Jekyll + Polyglot on GitHub Pages: What Actually Works in 2026

I spent more time than I should have getting jekyll-polyglot working correctly on GitHub Pages. The issues were not conceptually hard, but each one was invisible until it bit me. These are the notes I wished existed when I started.

GitHub Pages Will Not Run Polyglot

GitHub Pages maintains a whitelist of allowed Jekyll plugins. jekyll-polyglot is not on it. If you add it to your _plugins/ directory or Gemfile and push, GitHub Pages will silently build without it — no error, just a site with no language support and some broken links.

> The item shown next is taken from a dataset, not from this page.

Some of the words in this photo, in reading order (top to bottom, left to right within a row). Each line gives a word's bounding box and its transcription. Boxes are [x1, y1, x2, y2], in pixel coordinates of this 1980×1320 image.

The fix is to take the build out of GitHub Pages entirely and use GitHub Actions to build and deploy:

# .github/workflows/deploy.yml
name: Deploy Jekyll site
on:
  push:
    branches: [main]
jobs:
  build-deploy:
    runs-on: ubuntu-latest
    steps:
      - uses: actions/checkout@v4
      - uses: ruby/setup-ruby@v1
        with:
          ruby-version: '3.3'
          bundler-cache: true
      - run: bundle exec jekyll build
      - uses: peaceiris/actions-gh-pages@v3
        with:
          github_token: $
          publish_dir: ./_site

The peaceiris/actions-gh-pages action pushes _site/ contents to the gh-pages branch, which GitHub Pages serves as a static host. You lose the simplicity of push-to-deploy, but you gain full plugin support.

The URL Rewriting Surprise

Polyglot’s core feature is rewriting URLs on non-default-language pages so that /about/ becomes /uk/about/ when building the Ukrainian version. This happens automatically for all root-relative hrefs in your HTML output.

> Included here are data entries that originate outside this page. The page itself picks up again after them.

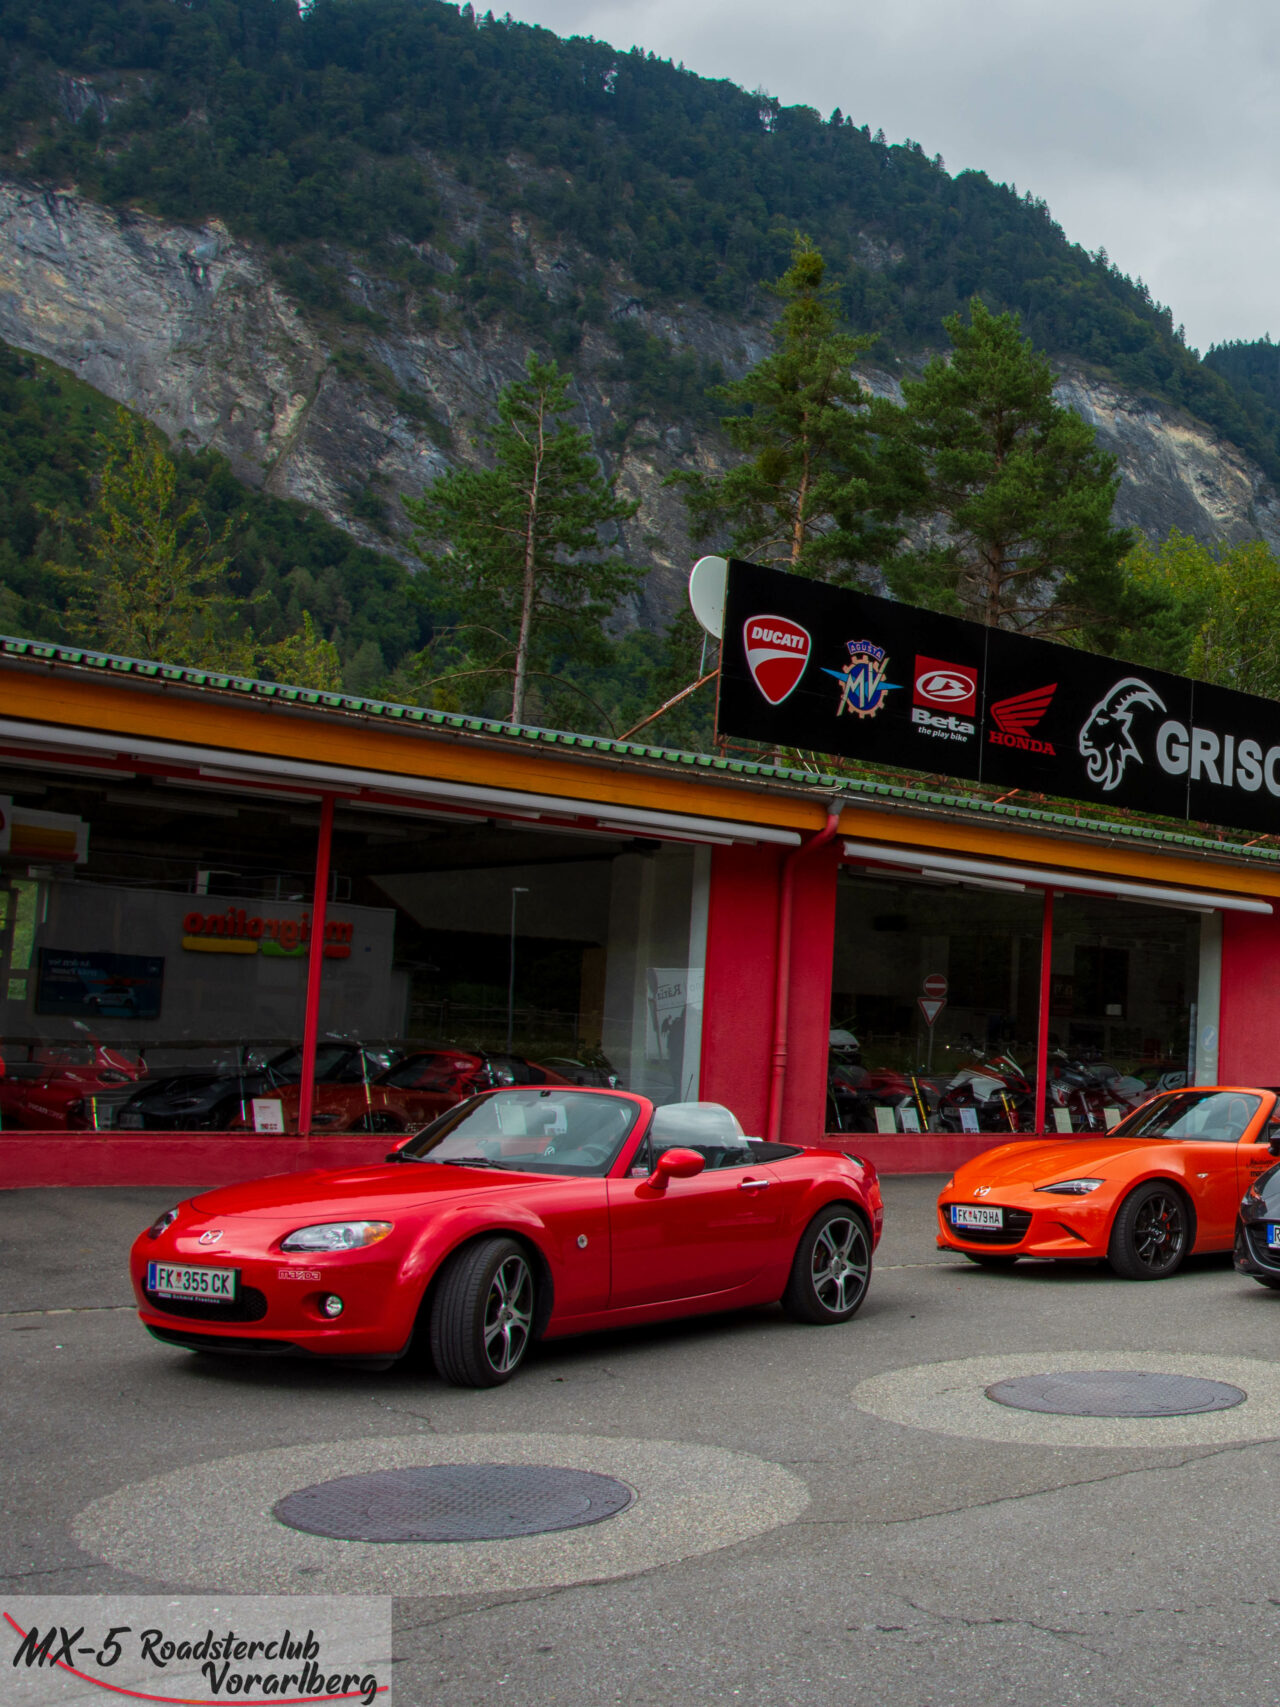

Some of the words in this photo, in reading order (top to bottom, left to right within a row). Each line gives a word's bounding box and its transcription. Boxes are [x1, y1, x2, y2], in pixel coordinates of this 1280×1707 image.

[751, 626, 805, 650] DUCATI
[850, 642, 882, 658] AGUSTA
[911, 707, 975, 735] Beta
[917, 726, 933, 735] the
[932, 729, 950, 740] play
[950, 732, 968, 743] bike
[988, 730, 1056, 756] HONDA
[957, 1208, 968, 1221] FK
[158, 1268, 175, 1289] FK
[183, 1270, 209, 1292] 355
[212, 1273, 231, 1294] CK
[278, 1269, 321, 1281] mazda
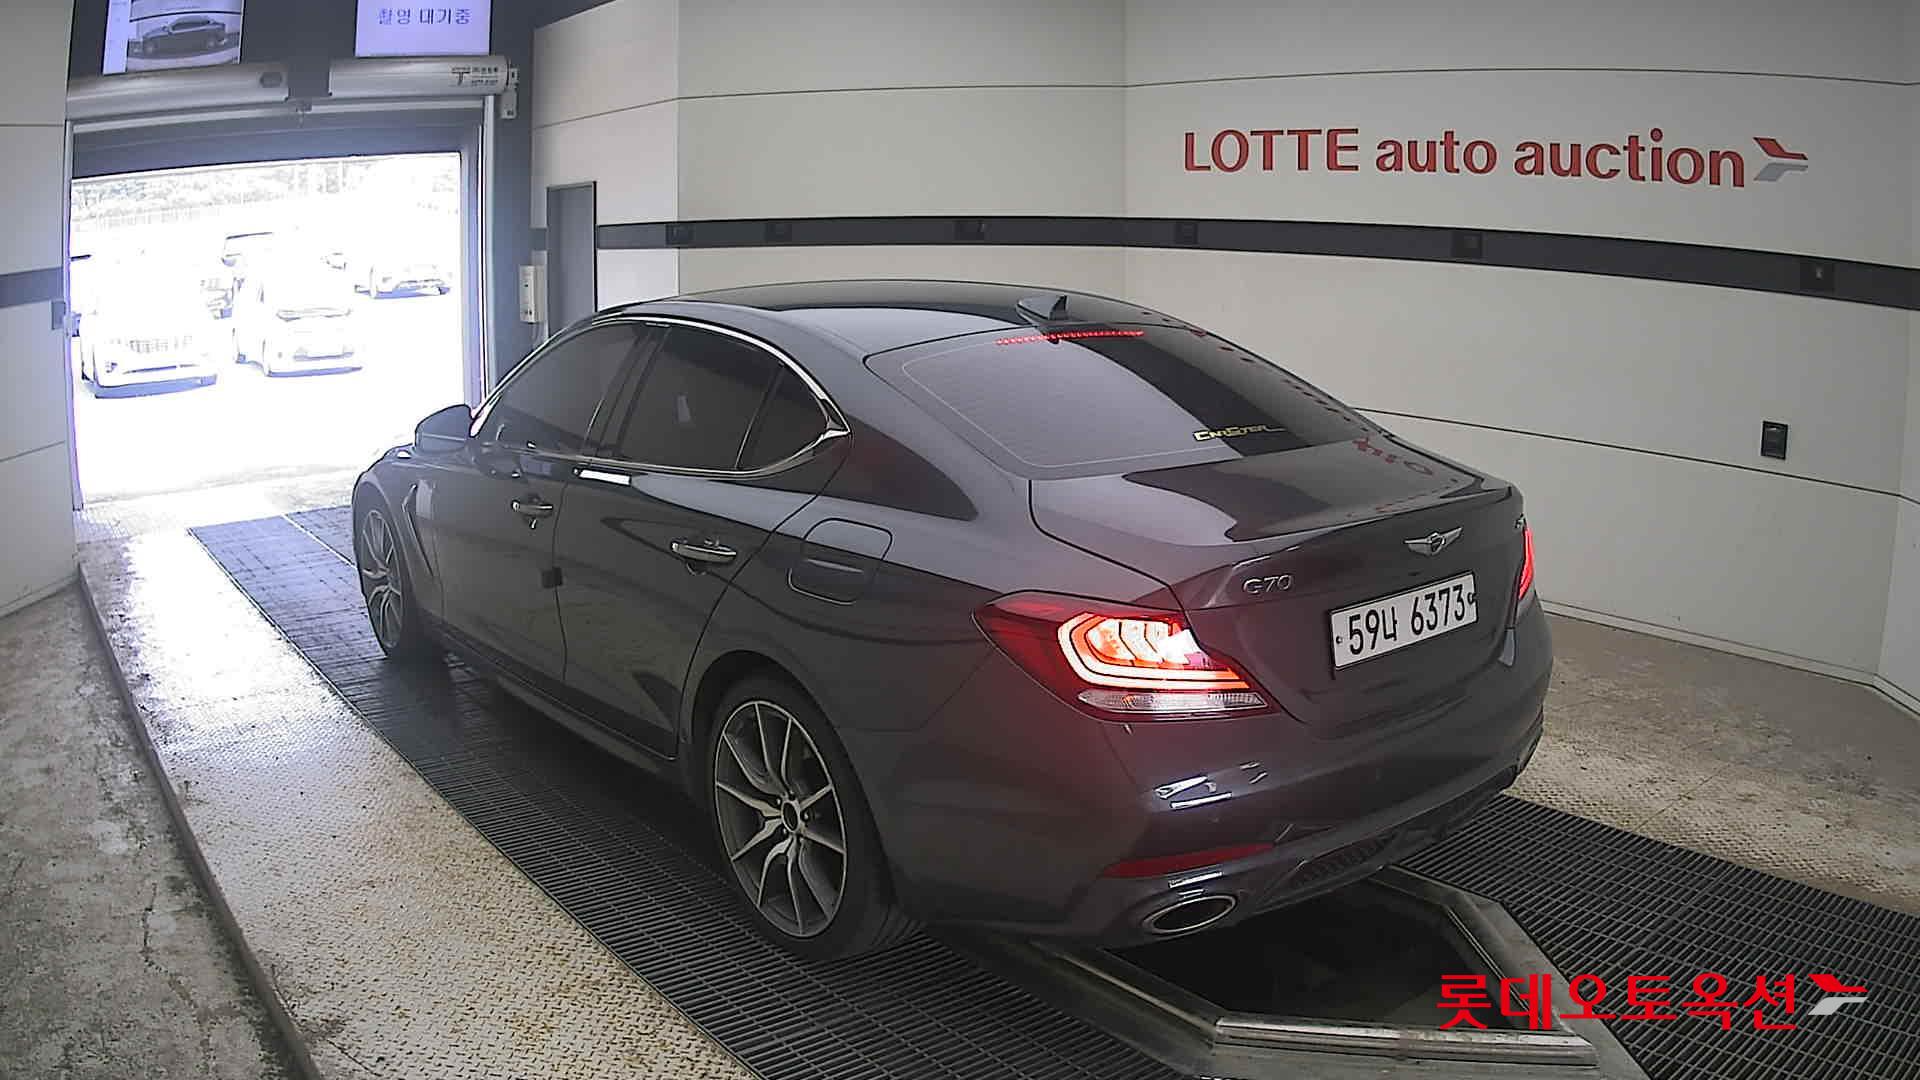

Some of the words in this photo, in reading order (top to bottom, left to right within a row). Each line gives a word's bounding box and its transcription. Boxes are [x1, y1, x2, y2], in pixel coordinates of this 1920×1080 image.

[419, 7, 471, 25] 대기중
[1184, 128, 1359, 173] LOTTE
[1376, 130, 1498, 175] auto
[1514, 128, 1746, 188] auction
[1242, 574, 1292, 594] G70
[1349, 606, 1398, 655] 59나
[1411, 584, 1466, 635] 6373

The surprise: this includes your language switcher.

If your language switcher has a link like <a href="/uk/about/">English</a>, polyglot will rewrite it to /uk/about/ on the Ukrainian page — which means clicking “English” keeps you in Ukrainian. A self-link, invisibly.

The fix is static_href:

{% static_href %}href="/uk/about/"{% endstatic_href %}

Polyglot sees this tag and leaves the URL alone regardless of which language page is being built. It is not pretty Liquid, but it is the correct tool for links that must not be localized.

data-no-localization Does Not Work for Relative URLs

The polyglot docs mention a data-no-localization attribute that is supposed to prevent URL rewriting on specific elements. In practice, this works for absolute URLs (https://...) but not for root-relative URLs (/path/to/page). The rewriting logic does not check for this attribute on relative href values.

This is not a bug in your configuration. Use static_href tags for language switcher links. Do not spend an afternoon tweaking data-no-localization attributes.

Gemfile and Git

Many Jekyll project templates list Gemfile.lock in .gitignore but do not track Gemfile at all — the assumption being that the Gemfile is “obvious” local configuration. This breaks badly when you add GitHub Actions to your build, because the Actions runner starts fresh with no Gemfile.

Make sure both Gemfile and Gemfile.lock are committed:

git add Gemfile Gemfile.lock
git commit -m "Track Gemfile and lock for CI"

The Gemfile.lock pin ensures the Actions runner uses exactly the same gem versions you tested locally, which prevents the “works on my machine, fails in CI” failure mode.

The Global Gitignore Trap

This one took an embarrassingly long time to diagnose. My global ~/.gitignore_global included the pattern _*, which I had added years ago to ignore scratch directories prefixed with underscores.

Jekyll’s content directories are all prefixed with underscores: _layouts/, _includes/, _data/, _posts/, _sass/. All of them matched the global ignore pattern. Git would not track them.

git status showed a clean working tree. git add _layouts/ silently did nothing. The site built locally because the files existed on disk; it failed in CI because they were never committed.

The fix is explicit negation in the project’s .gitignore:

# Undo global _* ignore for Jekyll directories
!_layouts/
!_includes/
!_data/
!_posts/
!_sass/
!_config.yml

Alternatively, remove the _* pattern from your global gitignore if you do not actually need it. I kept the project-level negation because other machines might have the same global pattern.

One More: Exclude Directories from Localization

By default, polyglot will try to localize everything, including your assets/ directory. This produces duplicate copies of your CSS and images under /uk/assets/, which is wasteful and can cause caching issues.

Add explicit exclusions in _config.yml:

exclude_from_localization:
  - assets
  - robots.txt
  - sitemap.xml

Polyglot will leave these paths alone when building non-default language versions.

Once all these pieces are in place, the polyglot setup is genuinely clean: one source file per piece of content, lang: in the front matter, and the plugin handles the rest. Getting to that point just requires knowing where the traps are.